━━ Data for processing ━━

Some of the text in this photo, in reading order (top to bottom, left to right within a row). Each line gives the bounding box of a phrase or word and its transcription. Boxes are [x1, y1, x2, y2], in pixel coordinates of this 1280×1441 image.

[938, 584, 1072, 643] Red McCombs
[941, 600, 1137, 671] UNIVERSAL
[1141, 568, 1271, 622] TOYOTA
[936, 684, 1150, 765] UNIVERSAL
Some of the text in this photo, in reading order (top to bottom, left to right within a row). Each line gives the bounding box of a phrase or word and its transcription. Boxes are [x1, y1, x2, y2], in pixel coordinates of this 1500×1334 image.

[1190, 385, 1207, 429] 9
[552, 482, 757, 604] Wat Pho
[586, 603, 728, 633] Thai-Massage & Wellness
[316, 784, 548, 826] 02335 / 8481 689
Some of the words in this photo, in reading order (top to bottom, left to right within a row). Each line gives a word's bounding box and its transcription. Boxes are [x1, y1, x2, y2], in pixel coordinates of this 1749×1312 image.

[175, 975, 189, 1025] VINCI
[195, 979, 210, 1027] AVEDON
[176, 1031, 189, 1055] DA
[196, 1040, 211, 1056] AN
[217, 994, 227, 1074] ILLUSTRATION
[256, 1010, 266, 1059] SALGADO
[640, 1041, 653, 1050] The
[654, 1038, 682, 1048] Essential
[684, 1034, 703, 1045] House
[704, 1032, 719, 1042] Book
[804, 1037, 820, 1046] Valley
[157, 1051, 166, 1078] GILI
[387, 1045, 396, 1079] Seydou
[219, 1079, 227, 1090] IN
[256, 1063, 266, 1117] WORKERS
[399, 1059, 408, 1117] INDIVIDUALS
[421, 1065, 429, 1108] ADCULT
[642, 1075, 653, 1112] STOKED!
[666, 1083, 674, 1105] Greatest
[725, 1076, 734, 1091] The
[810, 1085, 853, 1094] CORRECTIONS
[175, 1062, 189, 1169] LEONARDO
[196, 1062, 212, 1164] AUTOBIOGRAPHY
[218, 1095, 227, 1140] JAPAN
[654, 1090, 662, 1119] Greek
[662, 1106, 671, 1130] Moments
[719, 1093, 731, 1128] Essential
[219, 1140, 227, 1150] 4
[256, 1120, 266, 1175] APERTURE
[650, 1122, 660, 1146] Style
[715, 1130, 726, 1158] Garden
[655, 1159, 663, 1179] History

━━━

> Task details:
The answer is the line with "this 1500×1334 image." plus every line after it, printed exactly as they appear above.

> Exercise solution:
Some of the text in this photo, in reading order (top to bottom, left to right within a row). Each line gives the bounding box of a phrase or word and its transcription. Boxes are [x1, y1, x2, y2], in pixel coordinates of this 1500×1334 image.

[1190, 385, 1207, 429] 9
[552, 482, 757, 604] Wat Pho
[586, 603, 728, 633] Thai-Massage & Wellness
[316, 784, 548, 826] 02335 / 8481 689
Some of the words in this photo, in reading order (top to bottom, left to right within a row). Each line gives a word's bounding box and its transcription. Boxes are [x1, y1, x2, y2], in pixel coordinates of this 1749×1312 image.

[175, 975, 189, 1025] VINCI
[195, 979, 210, 1027] AVEDON
[176, 1031, 189, 1055] DA
[196, 1040, 211, 1056] AN
[217, 994, 227, 1074] ILLUSTRATION
[256, 1010, 266, 1059] SALGADO
[640, 1041, 653, 1050] The
[654, 1038, 682, 1048] Essential
[684, 1034, 703, 1045] House
[704, 1032, 719, 1042] Book
[804, 1037, 820, 1046] Valley
[157, 1051, 166, 1078] GILI
[387, 1045, 396, 1079] Seydou
[219, 1079, 227, 1090] IN
[256, 1063, 266, 1117] WORKERS
[399, 1059, 408, 1117] INDIVIDUALS
[421, 1065, 429, 1108] ADCULT
[642, 1075, 653, 1112] STOKED!
[666, 1083, 674, 1105] Greatest
[725, 1076, 734, 1091] The
[810, 1085, 853, 1094] CORRECTIONS
[175, 1062, 189, 1169] LEONARDO
[196, 1062, 212, 1164] AUTOBIOGRAPHY
[218, 1095, 227, 1140] JAPAN
[654, 1090, 662, 1119] Greek
[662, 1106, 671, 1130] Moments
[719, 1093, 731, 1128] Essential
[219, 1140, 227, 1150] 4
[256, 1120, 266, 1175] APERTURE
[650, 1122, 660, 1146] Style
[715, 1130, 726, 1158] Garden
[655, 1159, 663, 1179] History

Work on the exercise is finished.